1:17:15 - 1:17:25 Randall O'Toole: Passenger trains are pretty, but they're an obsolete form of transportation. Efforts to give passenger trains preference over freight we'll harm more people than it will help.
2:42:40 - 2:43:50 Stephen Gardner: We think that the poor on time performance that many of our routes have is a significant impediment to ridership and revenue growth. It's quite apparent, many of our passengers, particularly on our long distance network, that serves Dunsmuir, for instance, you know their routes frequently experience significant delays, the number one cause of those delays are freight train interference. This is delays encountered, that Amtrak encounters when freight trains are run in front of us or otherwise dispatching decisions are made that prioritize the freight trains in front of Amtrak. And the reduction in reliability is clearly a problem for passengers with many hour delays. Often our whole long distance network is operating at 50% or less on time performance if you look at over the many past years. Even right now, through this period of COVID, where freight traffic has been down and we're only at 60% over the last 12 months on time performance for the entire long distance network.

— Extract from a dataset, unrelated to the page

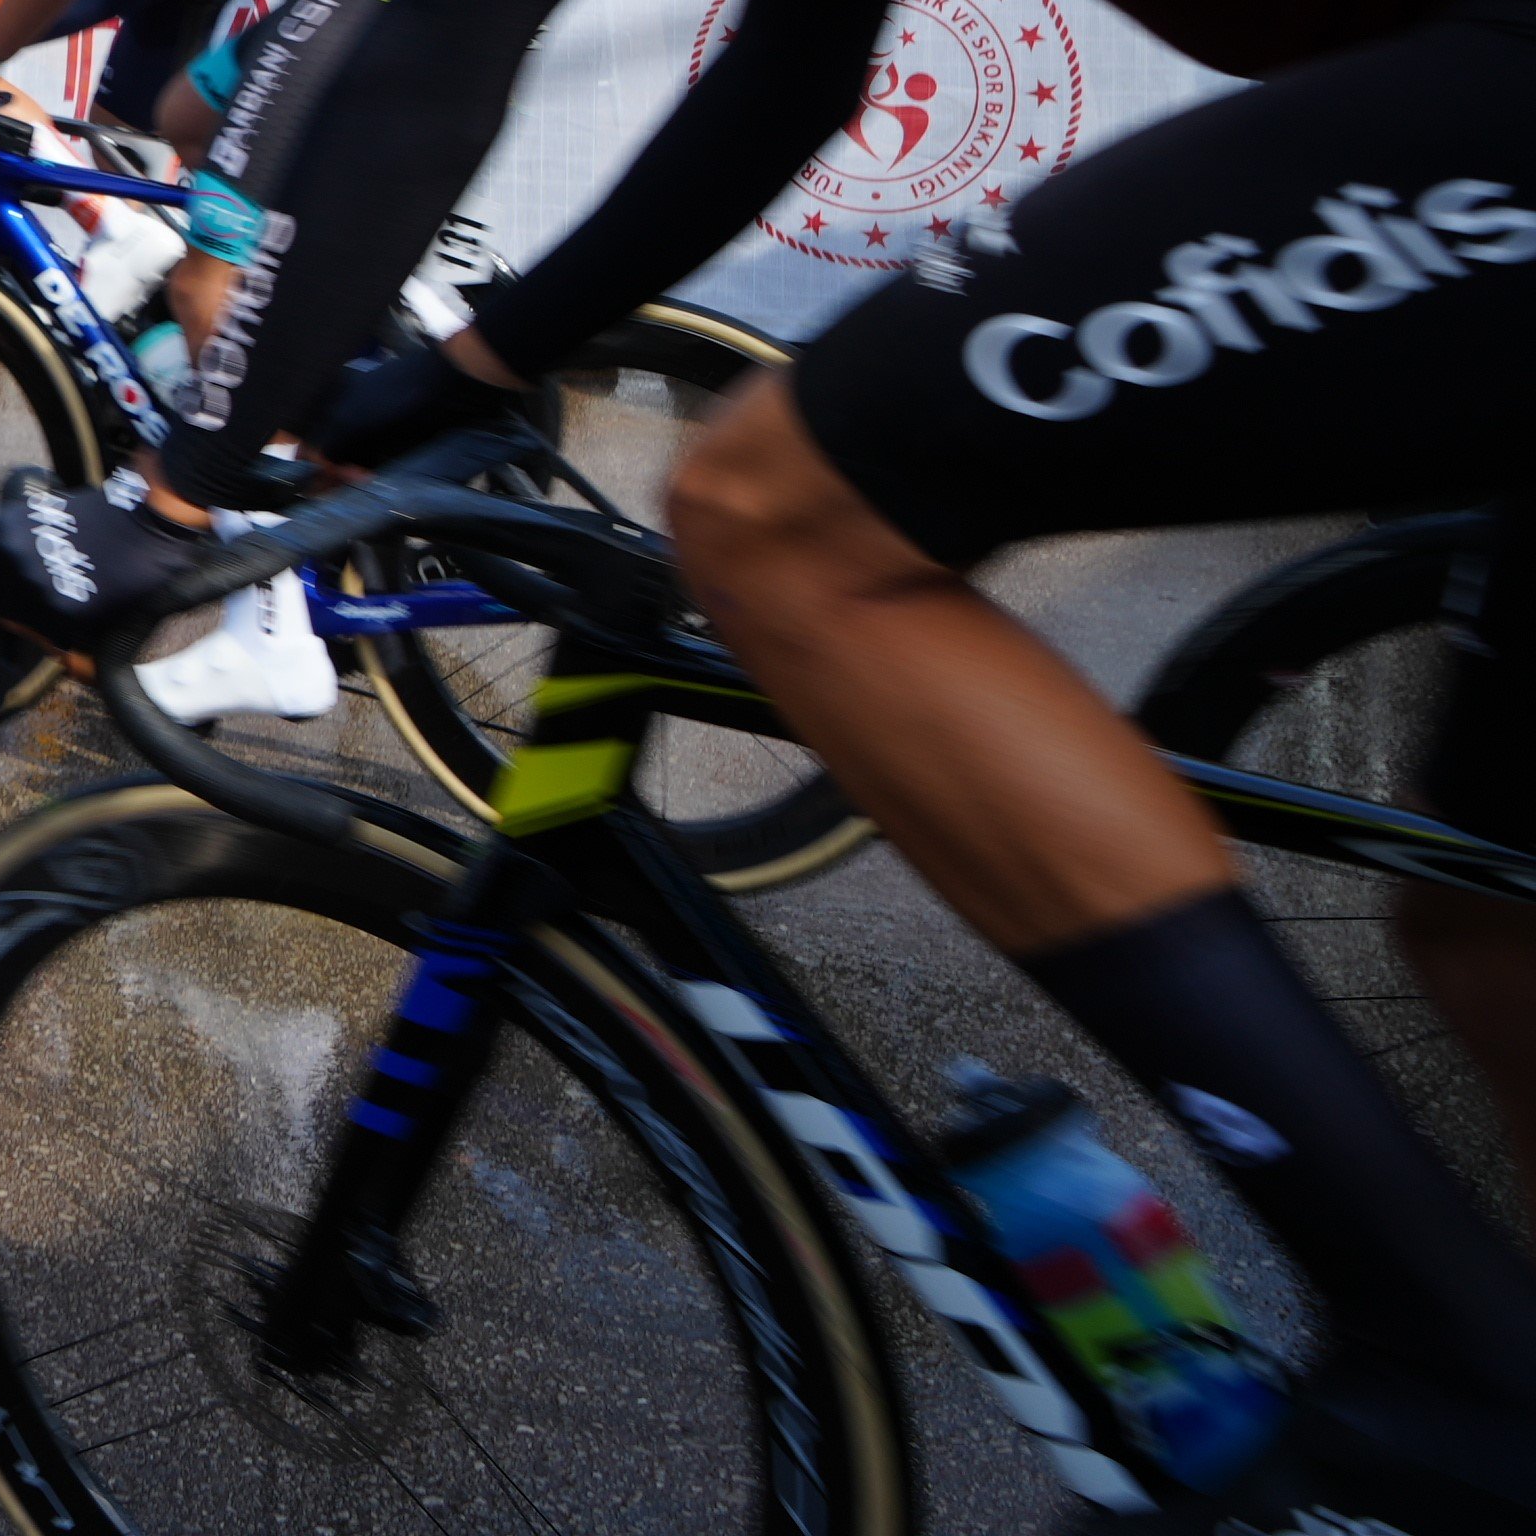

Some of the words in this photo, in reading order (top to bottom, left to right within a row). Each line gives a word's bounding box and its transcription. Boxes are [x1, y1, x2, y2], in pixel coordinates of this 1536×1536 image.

2:52:44 - 2:53:23 Stephen Gardner: The difference between the US system and most of the international examples is that the infrastructure is publicly owned, publicly owned and developed in all of these nations, the nations that Mr. O'Toole mentioned, there is a rail infrastructure entity and they're developing it for both passenger and freight in some of those locations are optimized for passenger service primarily, that's for sure the case. China is a great example of a nation that's investing for both as a massive freight system and an incredible amount of investment for passenger rail. And again, they see high speed as a means of dealing with their very significant population and efficient way.